If this school were a prison, the federal government would be all over the county like spaghetti on a white shirt because of the overcrowding. There would be fines and penalties and mandatory release of criminals back into the mainstream. The national media would set up camp like they were waiting for the next sighting of a UFO.
Instead, we squeeze the kids into trailers set up on the property for “temporary” classrooms.  I counted 16 trailers currently on the property. Many of these units don’t have bathrooms so children have to leave the trailer and go to the main school building to use a restroom. 
The future of America rests in the hands of our children and I believe one of our biggest responsibilities is to provide an environment where kids can learn. The Good Book tells us “you reap what you sow,” and I’m concerned about the seeds we are planting right now.
Beyond the functionality and esthetics of the trailers, is the safety issue.  A year or so ago, a tornado hit Enterprise High School in south Alabama killing eight students. This was in a solid structure. Closer to home, another twister destroyed Carbon Hill Elementary School on Nov. 2, 2002. Thankfully, that outbreak was on Sunday and no kids were harmed.
 It gives me nightmares to think of what would happen if a tornado struck the 16 trailers at Sumiton Elementary School.
The school has a tornado plan where they move kids out of the trailers and into the main building whenever the weather service issues tornado warnings, but there have been times when tornadoes strike with little or no warning.
Some call Walker County  “Tornado Alley” and information listed on seems to add weight to that claim.  “Walker County historical area-adjusted tornado activity is above Alabama state average.
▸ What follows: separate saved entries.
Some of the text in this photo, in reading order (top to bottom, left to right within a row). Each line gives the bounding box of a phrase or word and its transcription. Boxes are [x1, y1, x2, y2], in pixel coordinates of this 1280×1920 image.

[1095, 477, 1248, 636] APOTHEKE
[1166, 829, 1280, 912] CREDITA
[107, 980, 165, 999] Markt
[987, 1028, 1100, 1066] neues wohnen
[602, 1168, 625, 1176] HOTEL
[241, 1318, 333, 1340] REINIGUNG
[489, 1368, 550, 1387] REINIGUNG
It is 4.1 times above overall U.S. average.
Tornadoes in this county have caused 9 fatalities and 51 injuries recorded between 1950 and 2004.”
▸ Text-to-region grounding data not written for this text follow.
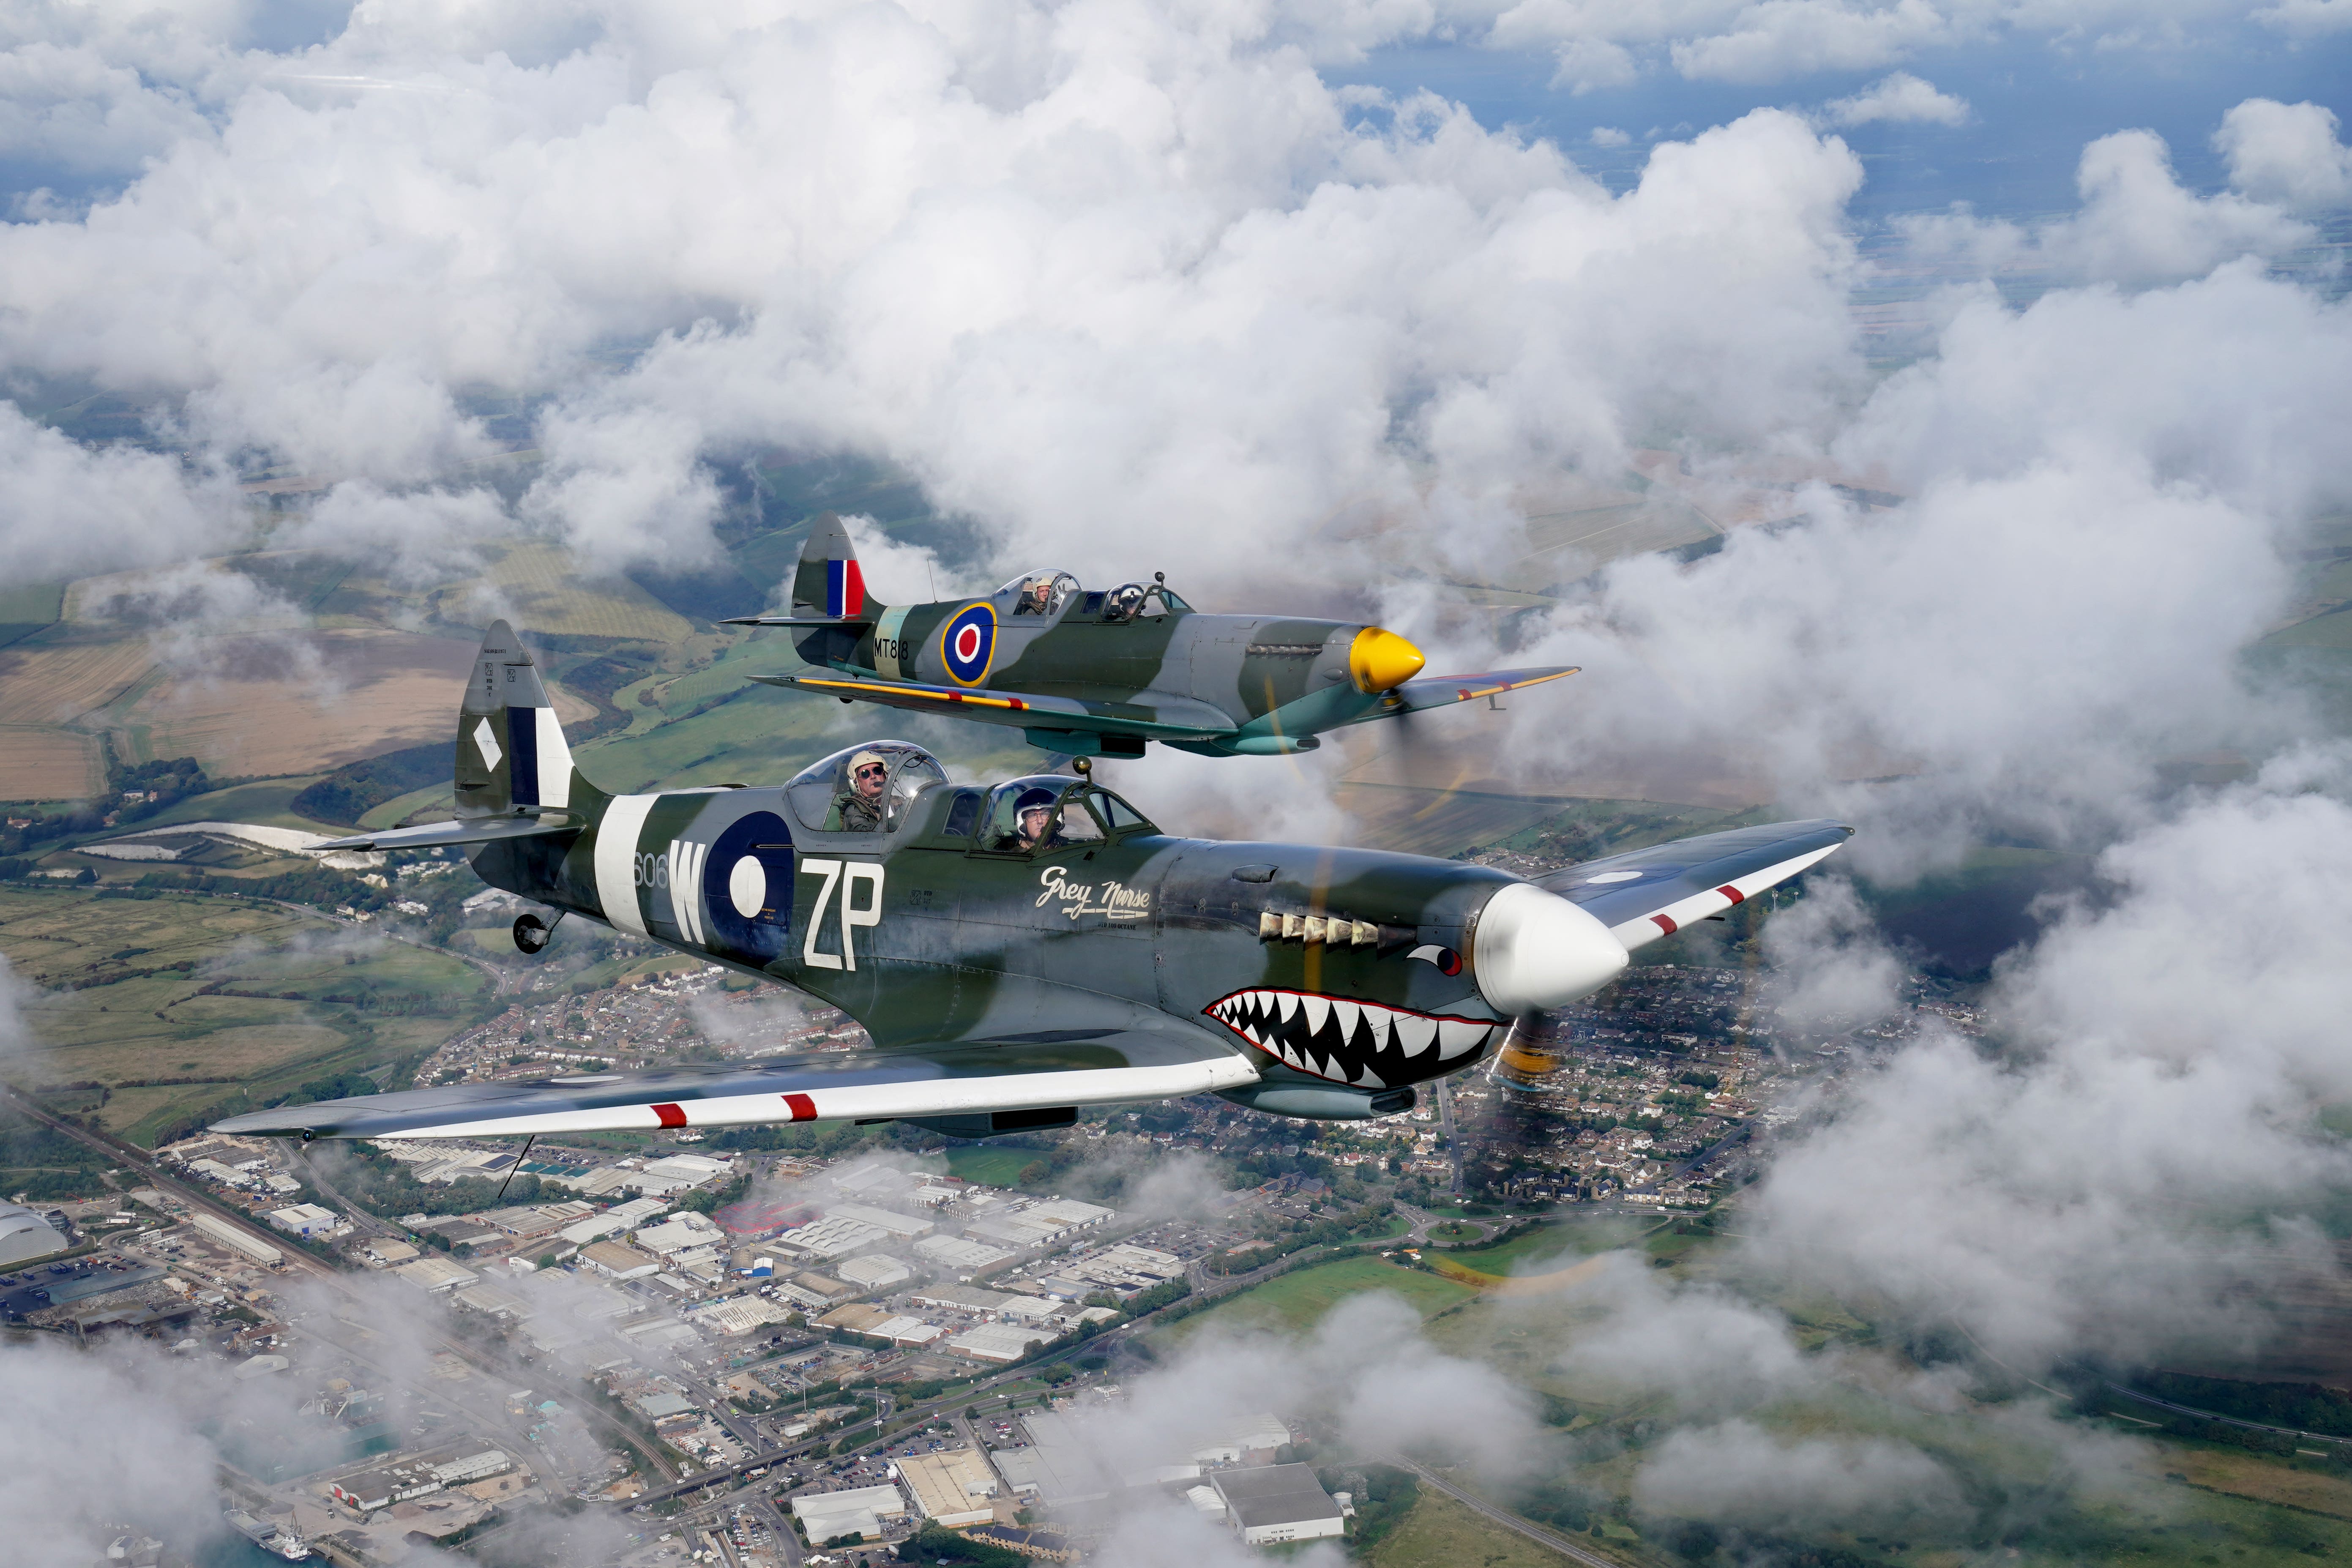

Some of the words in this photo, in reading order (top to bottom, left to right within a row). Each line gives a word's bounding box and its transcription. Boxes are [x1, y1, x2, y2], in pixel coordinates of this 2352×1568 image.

[874, 638, 908, 660] MT818
[634, 852, 668, 889] 606
[669, 839, 706, 945] W
[1036, 866, 1092, 920] Grey
[1101, 881, 1150, 919] Nurse
[800, 858, 885, 972] ZP
Here’s the thing, it is not my intention to point fingers or try to lay blame. This problem didn’t happen overnight. Times are tough and money is tight. I’m sure everyone else in the county would love for all of our children to attend a nice, safe school, but there is always the issue of where to find the money. When the economy goes south, everyone has to make difficult choices, local politicians are no different.
As most of you know, a lot of my columns tend to be humorous. I try to stay out of politics, but this is no laughing matter. 
To paraphrase Ecclesiastes, There is a time for everything – a time to keep silent, and a time to speak.  I believe now is the time to speak up for our children.

1 comment:

  1. Well, that could be your first retirement project - campaigning for more funds for schools. You're right in being concerned. We all talk about our children being the future of our country. Here in Arizona, budget cuts are encroaching on the school system funding. Now, some people are upset that funds are being diverted from special projects in order to pay teachers salaries. To me, teachers are more important then many of the "special projects."